- _Requirement_
Output the data as it stands. Each line must match exactly.

- _Data to examine_

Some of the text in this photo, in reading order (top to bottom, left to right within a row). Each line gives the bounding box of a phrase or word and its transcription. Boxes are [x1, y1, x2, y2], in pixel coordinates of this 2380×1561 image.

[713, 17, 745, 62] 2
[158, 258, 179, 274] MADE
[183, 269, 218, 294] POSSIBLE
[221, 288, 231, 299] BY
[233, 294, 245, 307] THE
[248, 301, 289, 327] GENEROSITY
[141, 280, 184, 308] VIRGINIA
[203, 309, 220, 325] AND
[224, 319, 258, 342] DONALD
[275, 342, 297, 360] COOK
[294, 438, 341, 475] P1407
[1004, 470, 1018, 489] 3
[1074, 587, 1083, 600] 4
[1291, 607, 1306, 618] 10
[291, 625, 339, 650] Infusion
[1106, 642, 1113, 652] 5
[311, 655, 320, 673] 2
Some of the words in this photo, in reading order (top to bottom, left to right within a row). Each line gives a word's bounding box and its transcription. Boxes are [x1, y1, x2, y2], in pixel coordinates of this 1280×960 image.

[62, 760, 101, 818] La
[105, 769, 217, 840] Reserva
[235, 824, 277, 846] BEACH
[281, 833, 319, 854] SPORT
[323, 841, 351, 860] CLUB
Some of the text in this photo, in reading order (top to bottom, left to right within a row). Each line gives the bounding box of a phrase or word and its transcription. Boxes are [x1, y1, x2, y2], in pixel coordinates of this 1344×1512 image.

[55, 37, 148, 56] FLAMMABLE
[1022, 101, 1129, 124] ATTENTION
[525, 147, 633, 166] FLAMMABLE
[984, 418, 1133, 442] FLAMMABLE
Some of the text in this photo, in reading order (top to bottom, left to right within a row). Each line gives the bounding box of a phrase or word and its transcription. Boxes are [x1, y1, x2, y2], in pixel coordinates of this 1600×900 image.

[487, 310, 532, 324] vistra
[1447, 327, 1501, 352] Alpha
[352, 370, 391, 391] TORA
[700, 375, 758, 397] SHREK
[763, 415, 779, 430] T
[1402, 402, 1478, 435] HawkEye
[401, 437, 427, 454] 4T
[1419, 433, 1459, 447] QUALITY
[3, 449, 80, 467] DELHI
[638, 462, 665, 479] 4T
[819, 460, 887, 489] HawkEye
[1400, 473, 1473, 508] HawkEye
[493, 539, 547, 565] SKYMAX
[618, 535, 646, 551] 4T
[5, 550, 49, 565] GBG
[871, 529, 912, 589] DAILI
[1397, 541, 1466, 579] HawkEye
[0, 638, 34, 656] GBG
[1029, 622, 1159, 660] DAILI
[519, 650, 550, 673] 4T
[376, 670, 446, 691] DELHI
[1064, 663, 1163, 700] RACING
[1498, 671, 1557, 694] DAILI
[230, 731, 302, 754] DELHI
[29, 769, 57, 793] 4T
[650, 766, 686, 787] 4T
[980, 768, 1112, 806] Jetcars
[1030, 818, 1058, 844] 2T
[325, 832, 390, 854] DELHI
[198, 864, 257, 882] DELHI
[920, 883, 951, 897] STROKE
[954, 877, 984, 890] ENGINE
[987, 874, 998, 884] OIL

- _Task solution_
Some of the text in this photo, in reading order (top to bottom, left to right within a row). Each line gives the bounding box of a phrase or word and its transcription. Boxes are [x1, y1, x2, y2], in pixel coordinates of this 2380×1561 image.

[713, 17, 745, 62] 2
[158, 258, 179, 274] MADE
[183, 269, 218, 294] POSSIBLE
[221, 288, 231, 299] BY
[233, 294, 245, 307] THE
[248, 301, 289, 327] GENEROSITY
[141, 280, 184, 308] VIRGINIA
[203, 309, 220, 325] AND
[224, 319, 258, 342] DONALD
[275, 342, 297, 360] COOK
[294, 438, 341, 475] P1407
[1004, 470, 1018, 489] 3
[1074, 587, 1083, 600] 4
[1291, 607, 1306, 618] 10
[291, 625, 339, 650] Infusion
[1106, 642, 1113, 652] 5
[311, 655, 320, 673] 2
Some of the words in this photo, in reading order (top to bottom, left to right within a row). Each line gives a word's bounding box and its transcription. Boxes are [x1, y1, x2, y2], in pixel coordinates of this 1280×960 image.

[62, 760, 101, 818] La
[105, 769, 217, 840] Reserva
[235, 824, 277, 846] BEACH
[281, 833, 319, 854] SPORT
[323, 841, 351, 860] CLUB
Some of the text in this photo, in reading order (top to bottom, left to right within a row). Each line gives the bounding box of a phrase or word and its transcription. Boxes are [x1, y1, x2, y2], in pixel coordinates of this 1344×1512 image.

[55, 37, 148, 56] FLAMMABLE
[1022, 101, 1129, 124] ATTENTION
[525, 147, 633, 166] FLAMMABLE
[984, 418, 1133, 442] FLAMMABLE
Some of the text in this photo, in reading order (top to bottom, left to right within a row). Each line gives the bounding box of a phrase or word and its transcription. Boxes are [x1, y1, x2, y2], in pixel coordinates of this 1600×900 image.

[487, 310, 532, 324] vistra
[1447, 327, 1501, 352] Alpha
[352, 370, 391, 391] TORA
[700, 375, 758, 397] SHREK
[763, 415, 779, 430] T
[1402, 402, 1478, 435] HawkEye
[401, 437, 427, 454] 4T
[1419, 433, 1459, 447] QUALITY
[3, 449, 80, 467] DELHI
[638, 462, 665, 479] 4T
[819, 460, 887, 489] HawkEye
[1400, 473, 1473, 508] HawkEye
[493, 539, 547, 565] SKYMAX
[618, 535, 646, 551] 4T
[5, 550, 49, 565] GBG
[871, 529, 912, 589] DAILI
[1397, 541, 1466, 579] HawkEye
[0, 638, 34, 656] GBG
[1029, 622, 1159, 660] DAILI
[519, 650, 550, 673] 4T
[376, 670, 446, 691] DELHI
[1064, 663, 1163, 700] RACING
[1498, 671, 1557, 694] DAILI
[230, 731, 302, 754] DELHI
[29, 769, 57, 793] 4T
[650, 766, 686, 787] 4T
[980, 768, 1112, 806] Jetcars
[1030, 818, 1058, 844] 2T
[325, 832, 390, 854] DELHI
[198, 864, 257, 882] DELHI
[920, 883, 951, 897] STROKE
[954, 877, 984, 890] ENGINE
[987, 874, 998, 884] OIL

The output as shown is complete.